An exact copy of the listing below is the answer, with the pictures removed.

● ● ● ● ● ● ●

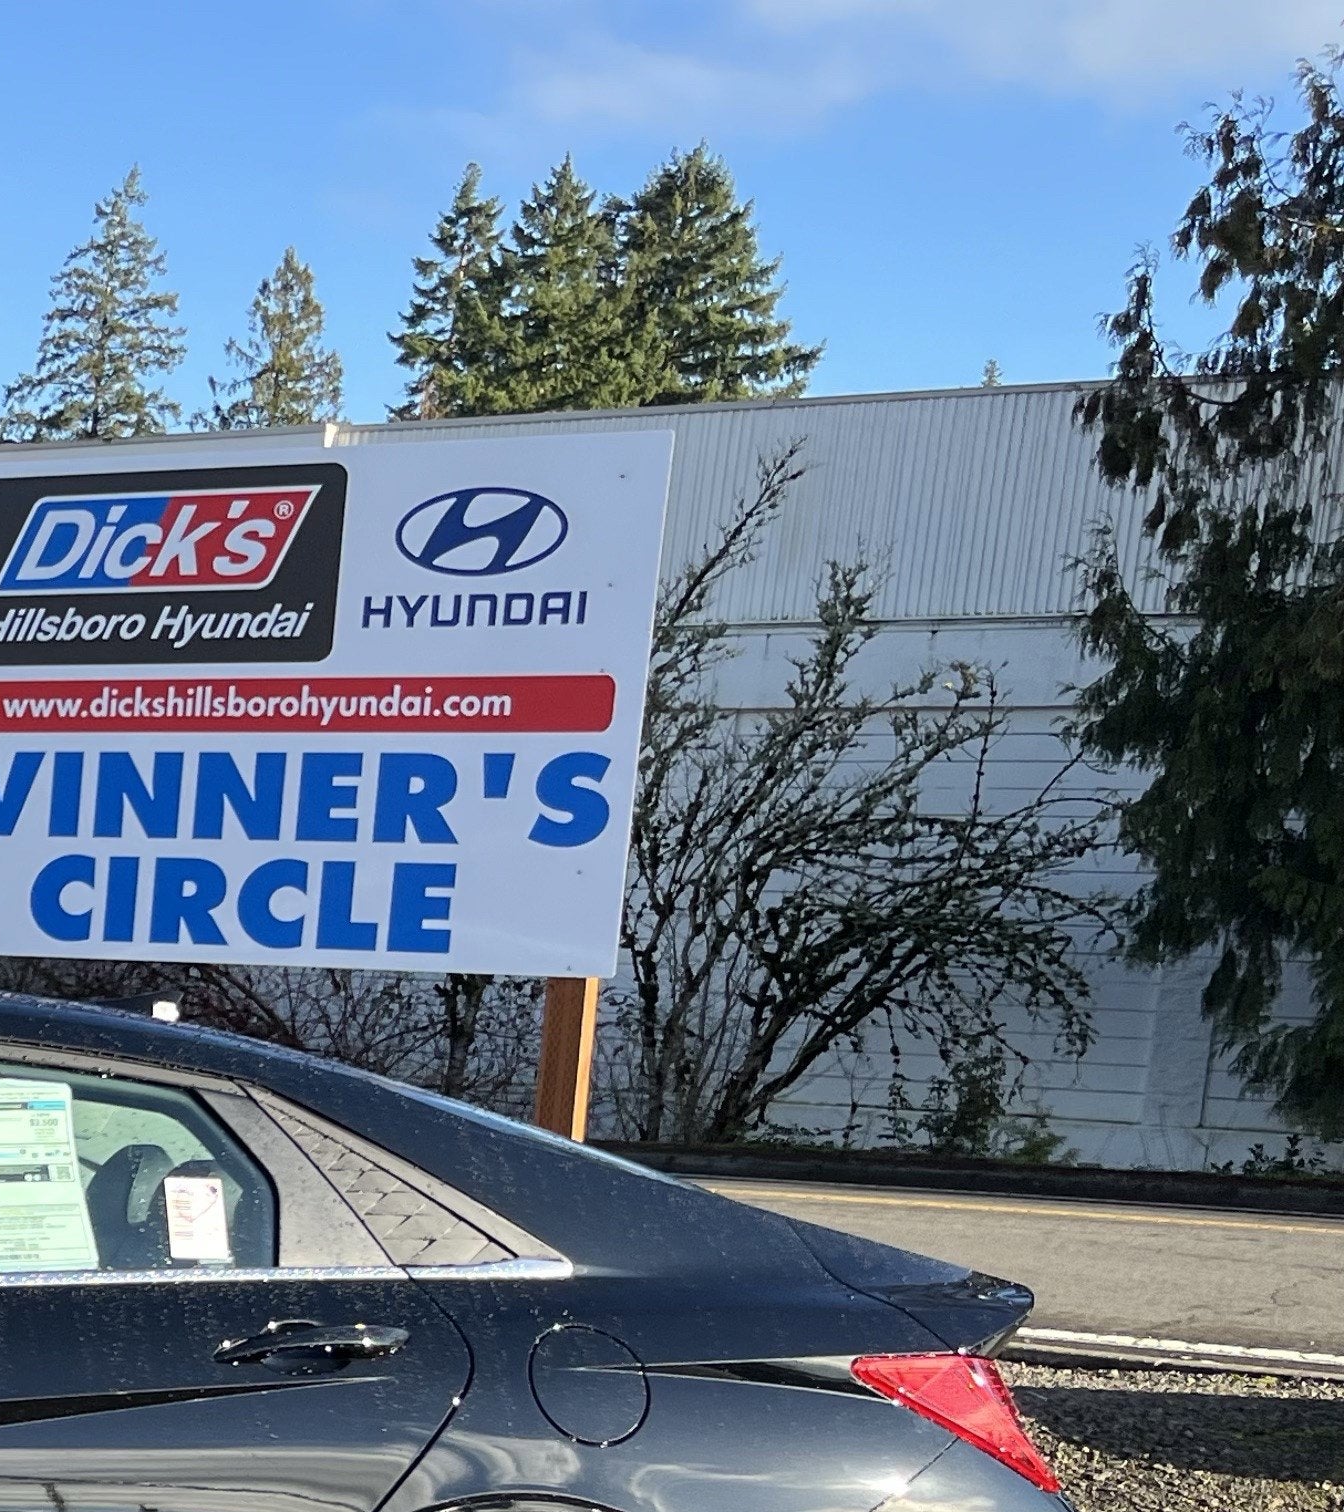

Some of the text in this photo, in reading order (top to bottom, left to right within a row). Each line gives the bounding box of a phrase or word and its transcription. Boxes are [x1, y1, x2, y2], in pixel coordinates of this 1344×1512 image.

[150, 602, 314, 648] Hyundai
[362, 590, 587, 629] HYUNDAI
[3, 685, 511, 727] www.dickshillsborohyundai.com
[30, 854, 456, 954] CIRCLE

● ● ● ● ● ● ●

▸ EXERCISE ANSWER:
Some of the text in this photo, in reading order (top to bottom, left to right within a row). Each line gives the bounding box of a phrase or word and its transcription. Boxes are [x1, y1, x2, y2], in pixel coordinates of this 1344×1512 image.

[150, 602, 314, 648] Hyundai
[362, 590, 587, 629] HYUNDAI
[3, 685, 511, 727] www.dickshillsborohyundai.com
[30, 854, 456, 954] CIRCLE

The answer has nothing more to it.